● TASK DESCRIPTION: Copy the following data exactly and drop the pictures.

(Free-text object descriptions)
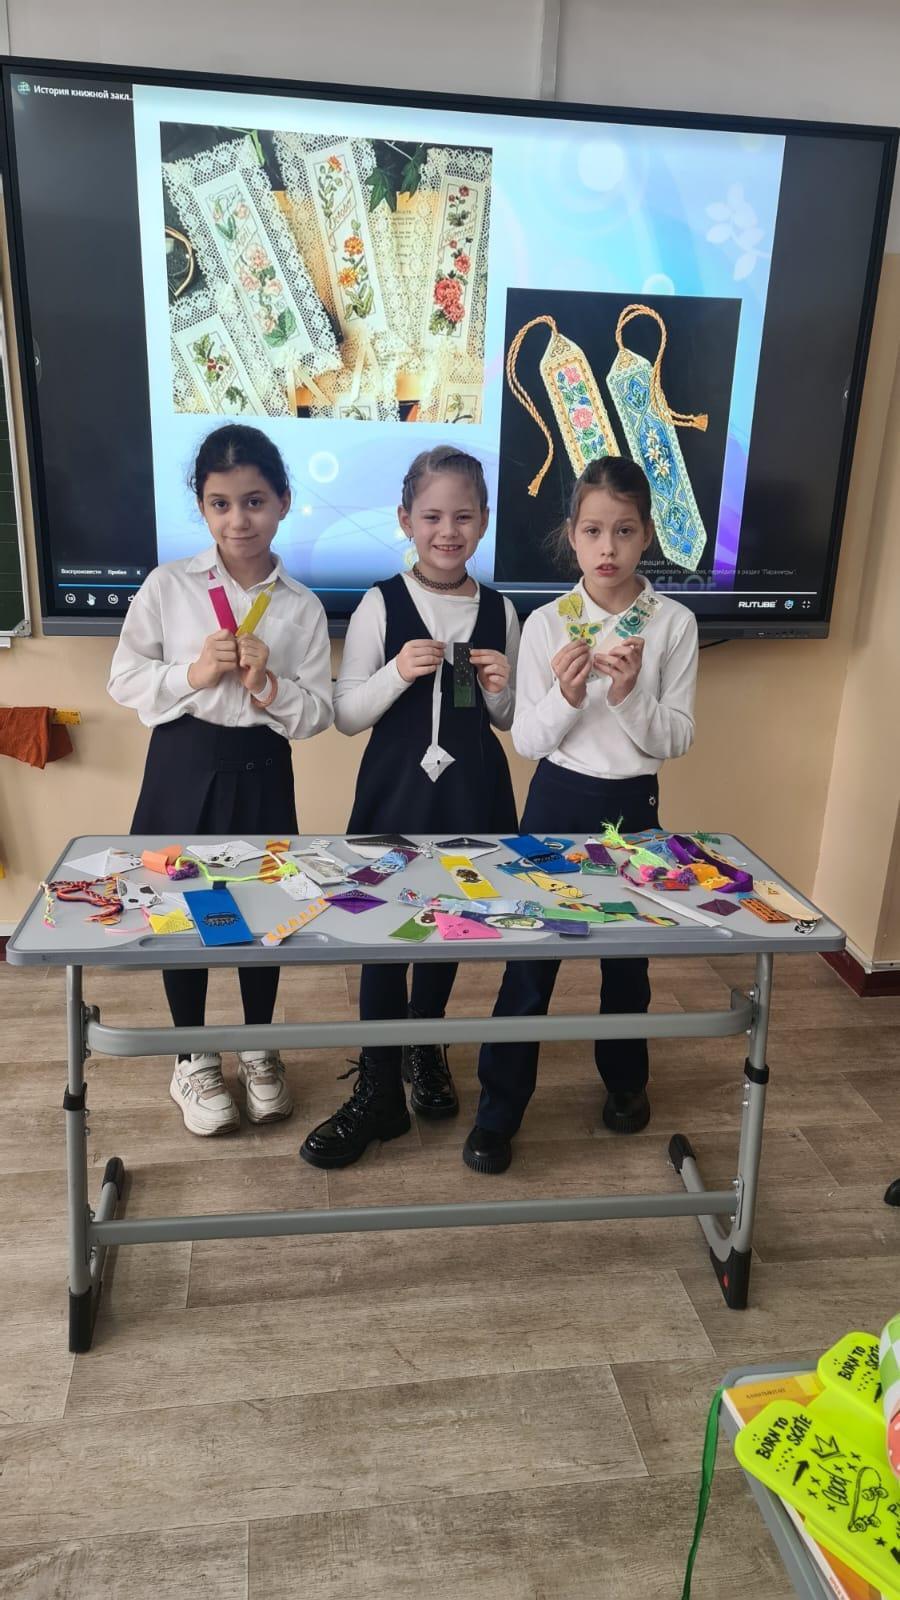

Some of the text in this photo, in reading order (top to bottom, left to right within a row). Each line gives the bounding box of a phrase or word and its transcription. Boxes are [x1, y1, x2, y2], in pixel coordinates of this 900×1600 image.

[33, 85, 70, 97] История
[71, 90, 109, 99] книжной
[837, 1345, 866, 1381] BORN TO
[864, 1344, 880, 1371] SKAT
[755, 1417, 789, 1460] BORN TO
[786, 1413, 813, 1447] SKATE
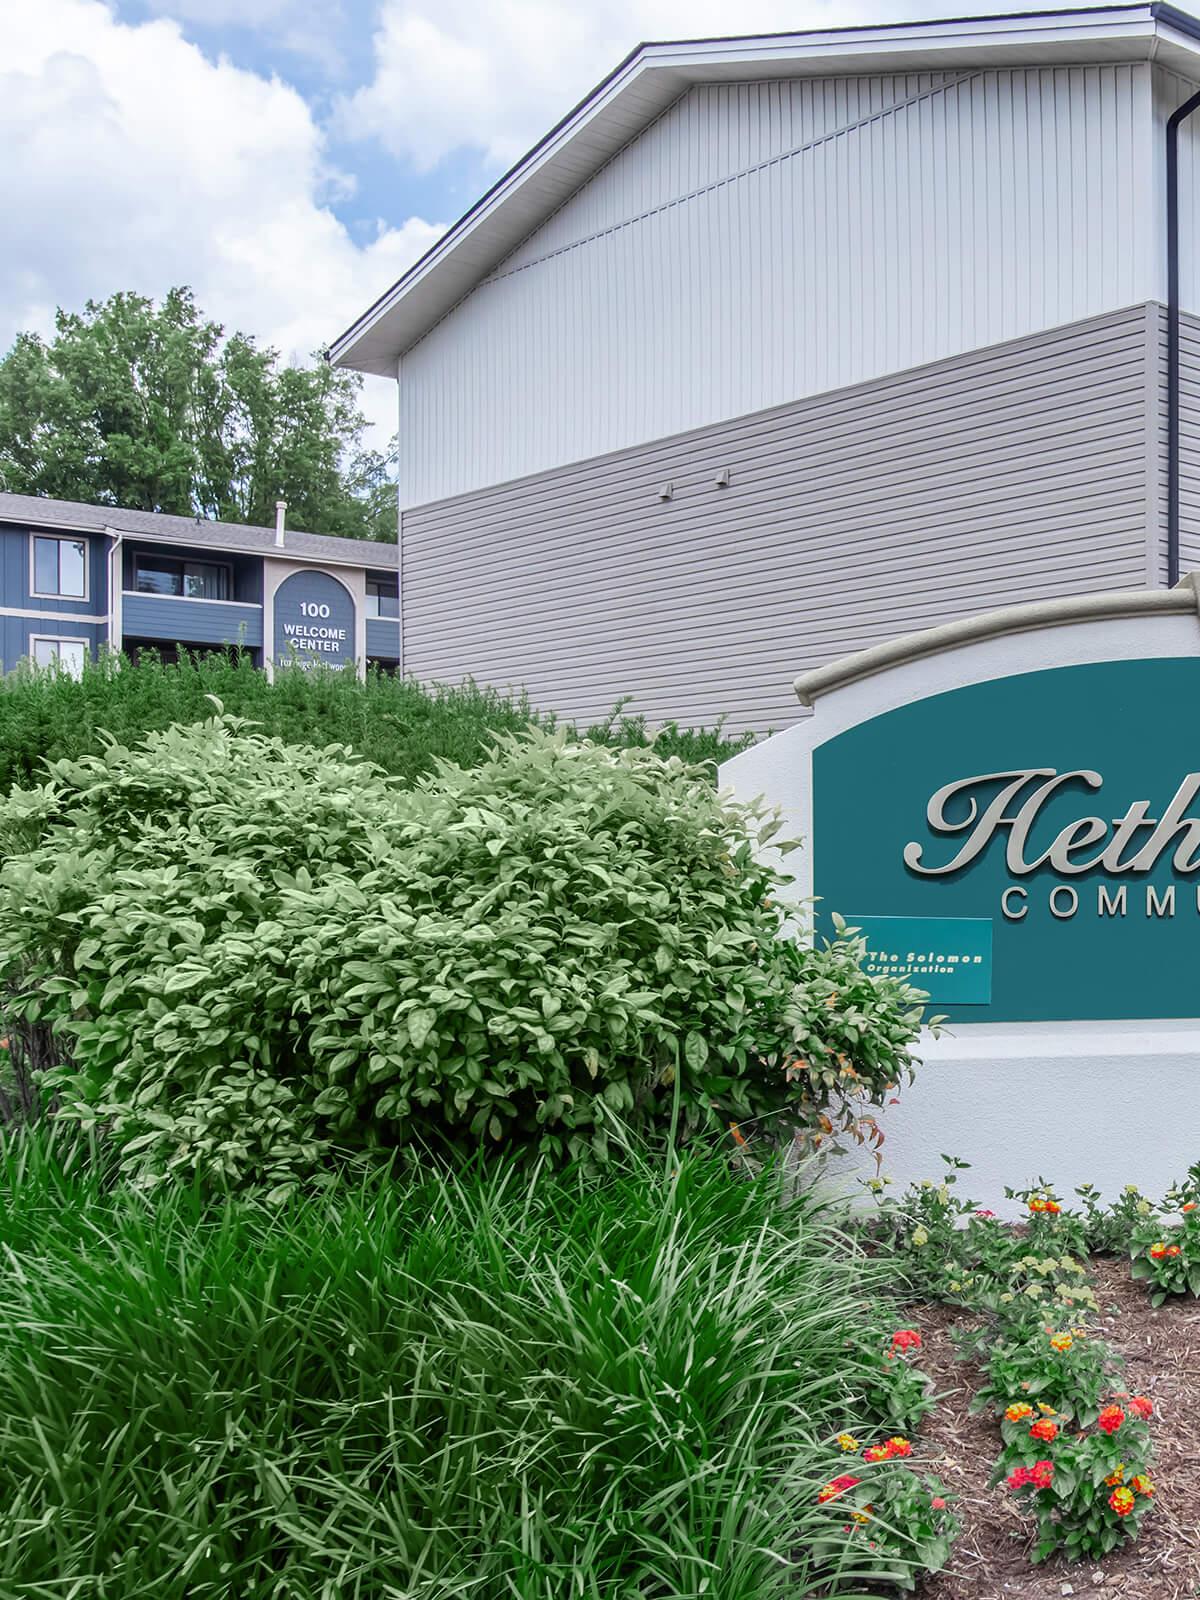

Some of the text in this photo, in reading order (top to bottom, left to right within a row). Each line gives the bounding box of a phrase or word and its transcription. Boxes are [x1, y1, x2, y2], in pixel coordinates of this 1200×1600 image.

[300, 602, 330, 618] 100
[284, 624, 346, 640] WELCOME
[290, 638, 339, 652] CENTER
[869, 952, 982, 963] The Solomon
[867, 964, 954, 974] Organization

● TASK OUTPUT:
Some of the text in this photo, in reading order (top to bottom, left to right within a row). Each line gives the bounding box of a phrase or word and its transcription. Boxes are [x1, y1, x2, y2], in pixel coordinates of this 900×1600 image.

[33, 85, 70, 97] История
[71, 90, 109, 99] книжной
[837, 1345, 866, 1381] BORN TO
[864, 1344, 880, 1371] SKAT
[755, 1417, 789, 1460] BORN TO
[786, 1413, 813, 1447] SKATE

Some of the text in this photo, in reading order (top to bottom, left to right within a row). Each line gives the bounding box of a phrase or word and its transcription. Boxes are [x1, y1, x2, y2], in pixel coordinates of this 1200×1600 image.

[300, 602, 330, 618] 100
[284, 624, 346, 640] WELCOME
[290, 638, 339, 652] CENTER
[869, 952, 982, 963] The Solomon
[867, 964, 954, 974] Organization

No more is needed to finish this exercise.